Entries shown
========

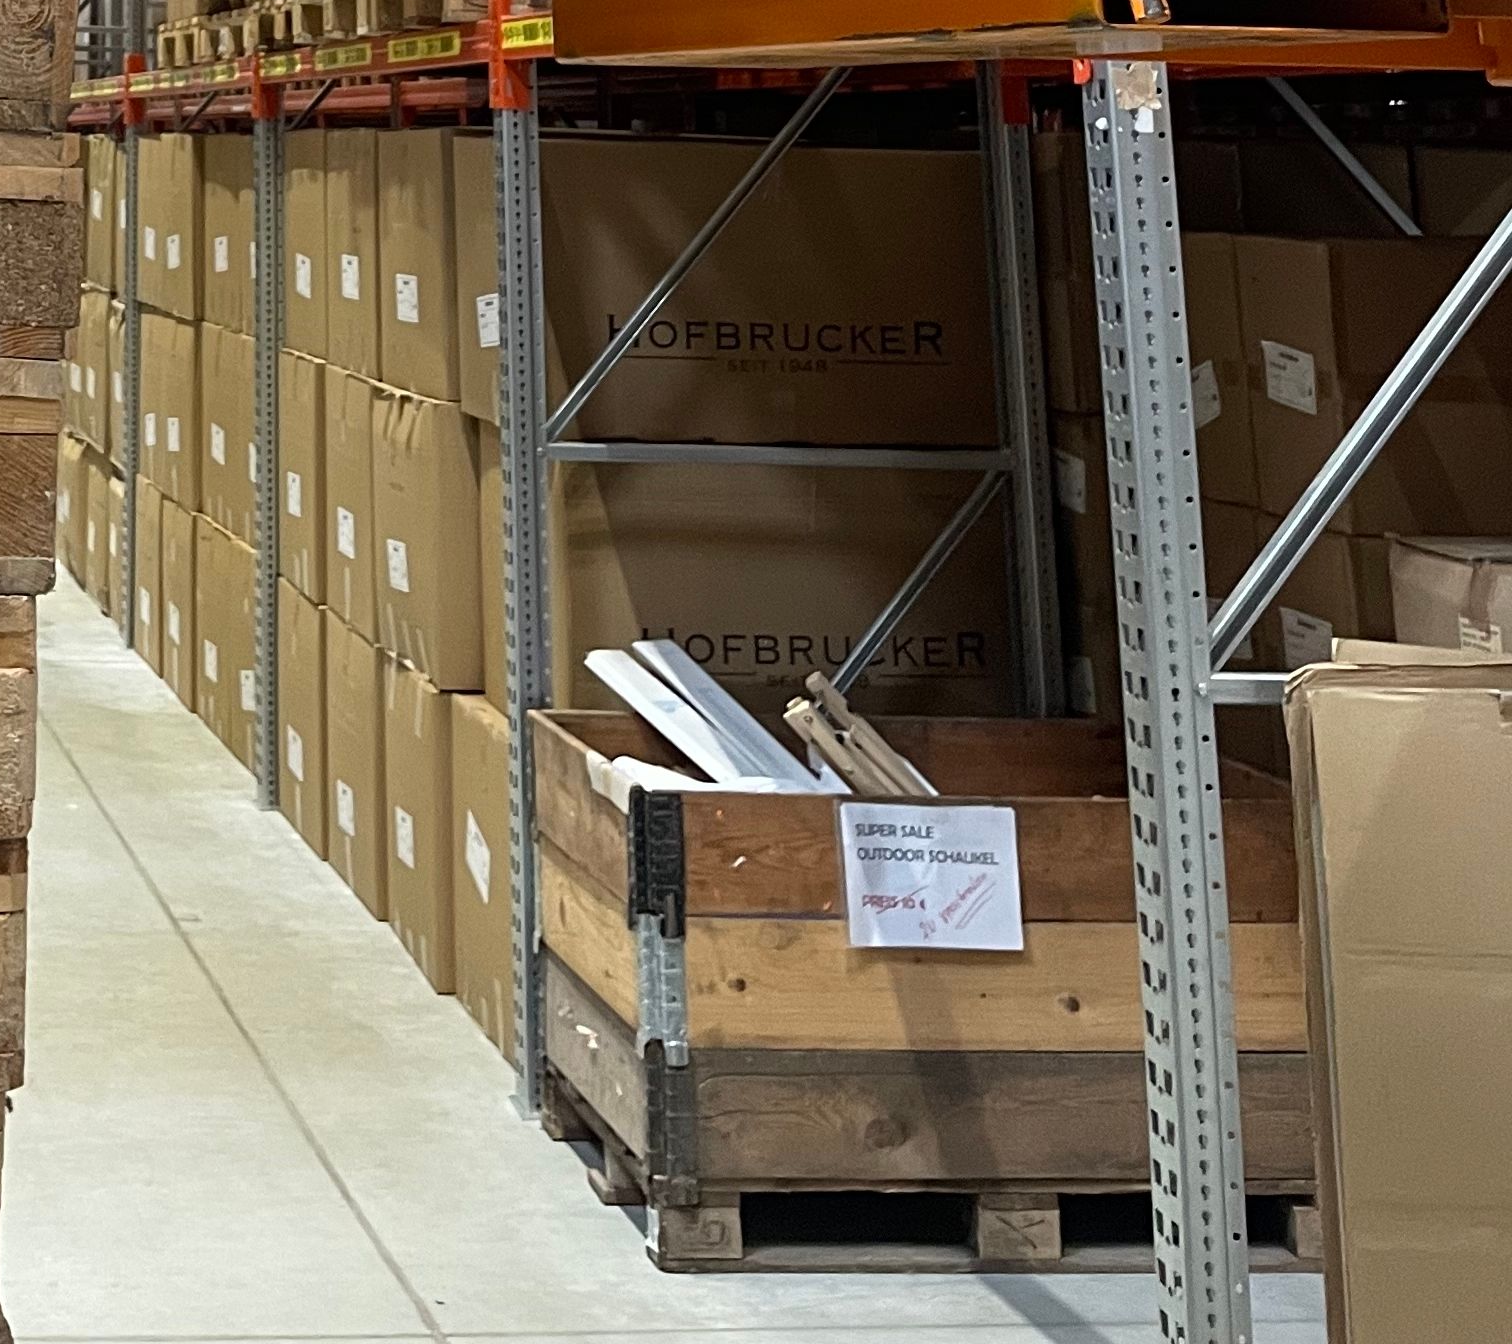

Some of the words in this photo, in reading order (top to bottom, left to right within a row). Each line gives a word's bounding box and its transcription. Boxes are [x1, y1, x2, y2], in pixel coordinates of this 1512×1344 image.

[641, 627, 986, 668] OFBRUKER
[855, 823, 897, 838] SUPER
[901, 824, 935, 839] SALE
[856, 847, 925, 862] OUTDOOR
[929, 849, 1000, 866] SCHAUKEL

========

Requirement
Skip every picture, and give the rest of the material above again exactly.

Solution for this exercise
Some of the words in this photo, in reading order (top to bottom, left to right within a row). Each line gives a word's bounding box and its transcription. Boxes are [x1, y1, x2, y2], in pixel coordinates of this 1512×1344 image.

[641, 627, 986, 668] OFBRUKER
[855, 823, 897, 838] SUPER
[901, 824, 935, 839] SALE
[856, 847, 925, 862] OUTDOOR
[929, 849, 1000, 866] SCHAUKEL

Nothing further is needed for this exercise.